È, dunque, compito degli amministratori preliminarmente valutare la gravità e la composizione dell’indebitamento, anche tenendo conto dell’atteggiamento dei creditori, di avvalersi della soluzione più adatta secondo parametri di ragionevolezza e misura, sia essa una domanda di concordato preventivo, eventualmente con riserva di integrare proposta e piano ex art. 161, VI co., l. fall., ovvero di optare per l’omologazione dell’accordo di ristrutturazione dei debiti ex art. 182-bis l. fall., laddove si sia raggiunta un’intesa con la parte preponderante dei creditori, cercando in ogni caso di godere delle misure agevolative e di salvaguardia, subordinate alla verifica e all’autorizzazione giudiziale, altrimenti non accessibili (si vedano in particolare gli artt. 161, VII co., 169-bis, 182-quinquies e 186-bis l. fall.)
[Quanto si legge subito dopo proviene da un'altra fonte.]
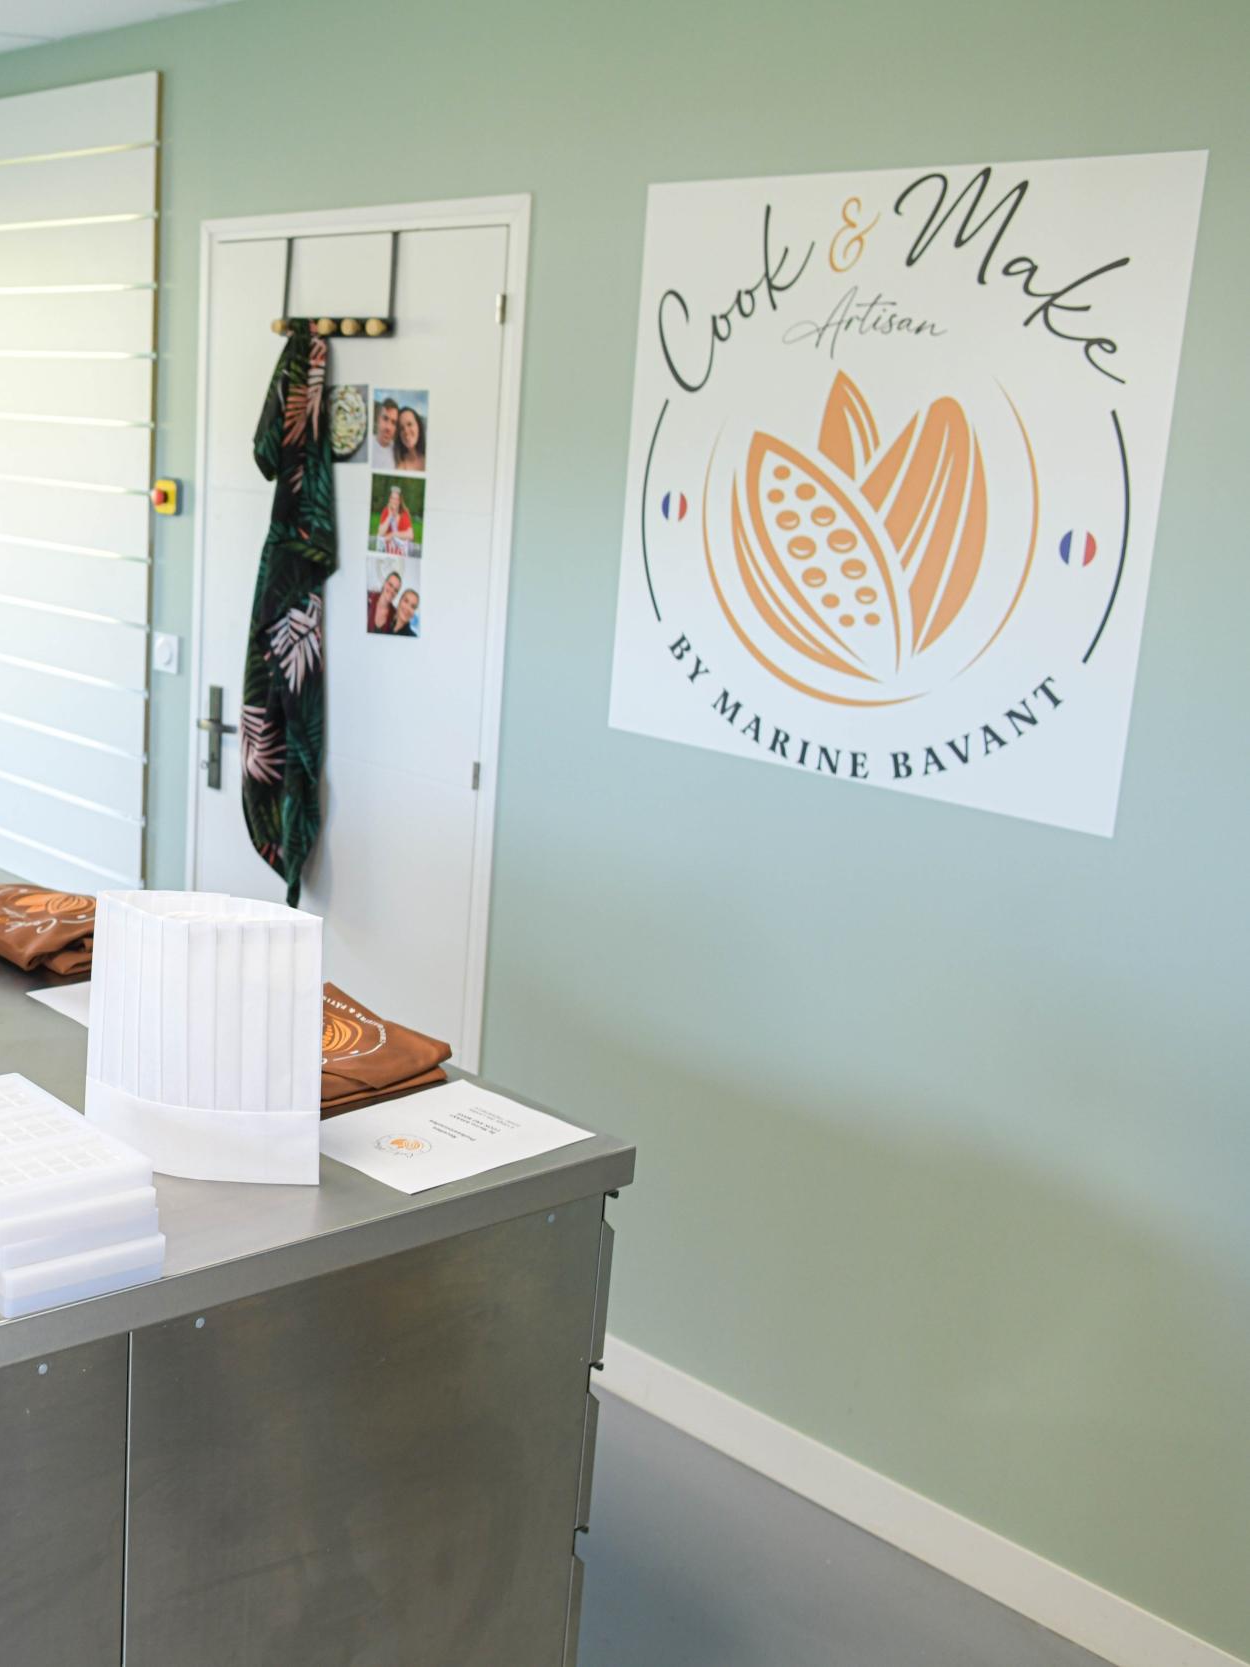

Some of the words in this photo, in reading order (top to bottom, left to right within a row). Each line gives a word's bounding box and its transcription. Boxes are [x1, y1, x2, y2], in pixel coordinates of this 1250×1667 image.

[658, 203, 815, 392] Cook
[828, 196, 881, 273] &
[893, 166, 1130, 384] Make
[782, 285, 948, 359] Artisan
[667, 633, 711, 686] BY
[710, 688, 869, 780] MARINE
[891, 676, 1065, 780] BAVANT
Da queste impegnative decisioni strategiche dipenderà il successo dell’operazione di salvataggio, nonché la responsabilità dei gestori, soprattutto laddove la via stragiudiziale risulti inutile o eccessivamente rischiosa o che si porvi che non si sia provveduto direttamente e senza indugio alla liquidazione.

In particolare, salvo diversa disposizione statutaria, l’accesso a soluzioni concordatarie o comunque negoziali compete all’organo amministrativo, trattandosi di decisioni di gestione.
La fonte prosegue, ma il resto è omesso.